A spinner (roulette) is divided into 6 equal parts. If it is spun twice, find the probability that one is odd and other is even? *
depends on the numbers in the sections.
But it will be P(odd) * P(even)
P(odd) = #odd_sections/6
and the same for evens
To find the probability that one spin results in an odd number and the other spin results in an even number, we need to determine the total number of possible outcomes and the number of favorable outcomes.
Total number of possible outcomes when the spinner is spun twice:
Since the spinner is divided into 6 equal parts, there are 6 possible outcomes for each spin. Therefore, the total number of possible outcomes for two spins is 6 x 6 = 36.
Number of favorable outcomes:
When one spin results in an odd number, there are 3 possible outcomes (1, 3, and 5) out of 6. Similarly, when one spin results in an even number, there are 3 possible outcomes (2, 4, and 6) out of 6. So, the number of favorable outcomes is 3 x 3 = 9.
Probability:
The probability of one spin being odd and the other being even is given by the number of favorable outcomes divided by the total number of possible outcomes. Therefore,
Probability = Number of favorable outcomes / Total number of possible outcomes = 9 / 36 = 1/4.
Thus, the probability that one spin is odd and the other is even is 1/4.
To find the probability that one spin results in an odd number and the other spin results in an even number, we first need to determine the total number of outcomes.
Since the spinner is divided into 6 equal parts, there are 6 possible outcomes for each spin.

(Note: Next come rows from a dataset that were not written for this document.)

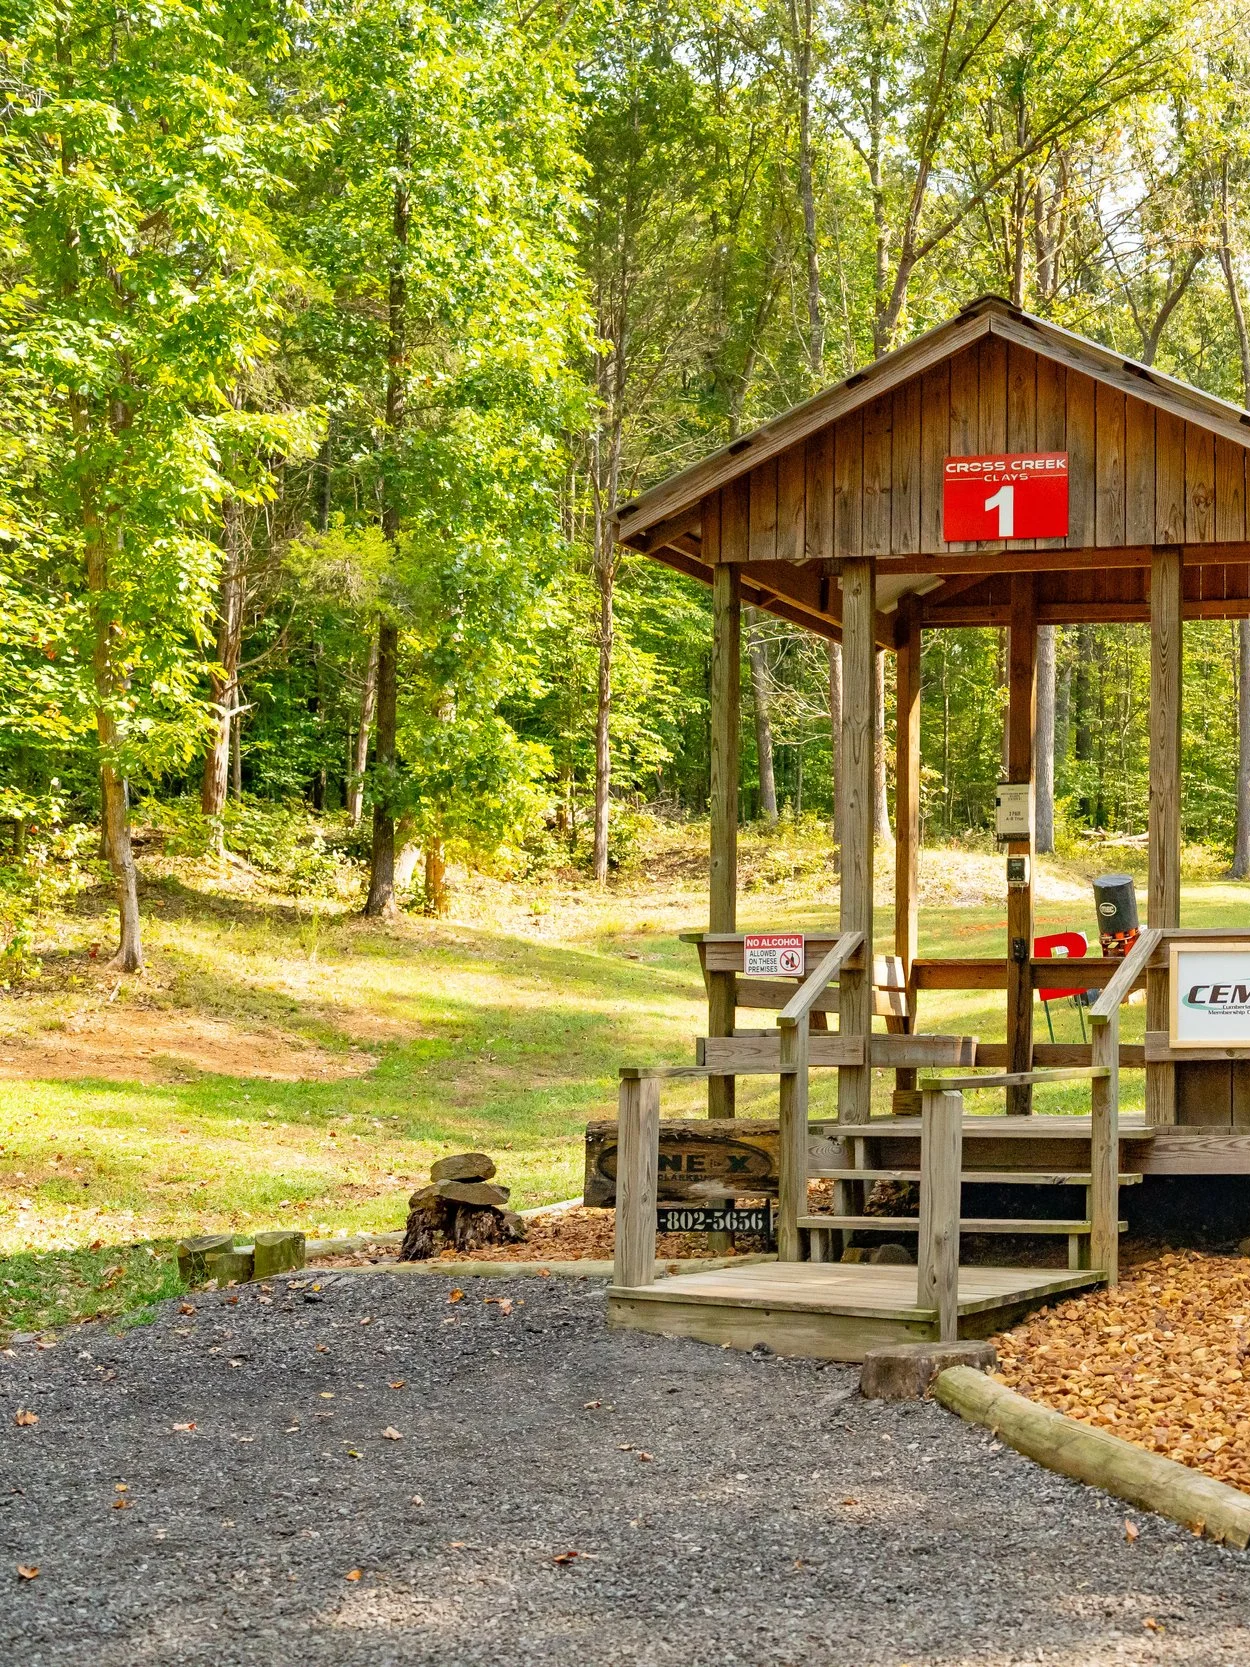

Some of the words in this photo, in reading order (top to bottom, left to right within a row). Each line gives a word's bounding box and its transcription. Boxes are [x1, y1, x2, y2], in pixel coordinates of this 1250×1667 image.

[945, 461, 1006, 473] CROSS
[1011, 459, 1066, 470] CREEK
[983, 472, 1029, 482] CLAYS
[984, 485, 1014, 537] 1
[746, 939, 759, 947] NO
[761, 938, 802, 946] ALCOHOL

Therefore, the total number of outcomes for two spins is 6 multiplied by 6, which equals 36.
Next, we need to determine the number of favorable outcomes, which in this case is the number of outcomes where one spin results in an odd number and the other in an even number.
Out of the 6 possible outcomes for the first spin, 3 of them are odd numbers (1, 3, and 5), and 3 of them are even numbers (2, 4, and 6). Similarly, out of the 6 possible outcomes for the second spin, there are also 3 odd numbers and 3 even numbers.
To find the number of favorable outcomes, we multiply the number of odd outcomes for the first spin (3) with the number of even outcomes for the second spin (3), which equals 9.
Therefore, the probability of obtaining one odd and one even number is given by the ratio of favorable outcomes to total outcomes:
Probability = Number of favorable outcomes / total outcomes
Probability = 9 / 36
Probability = 1 / 4
So, the probability that one spin results in an odd number and the other spin results in an even number is 1/4 or 0.25.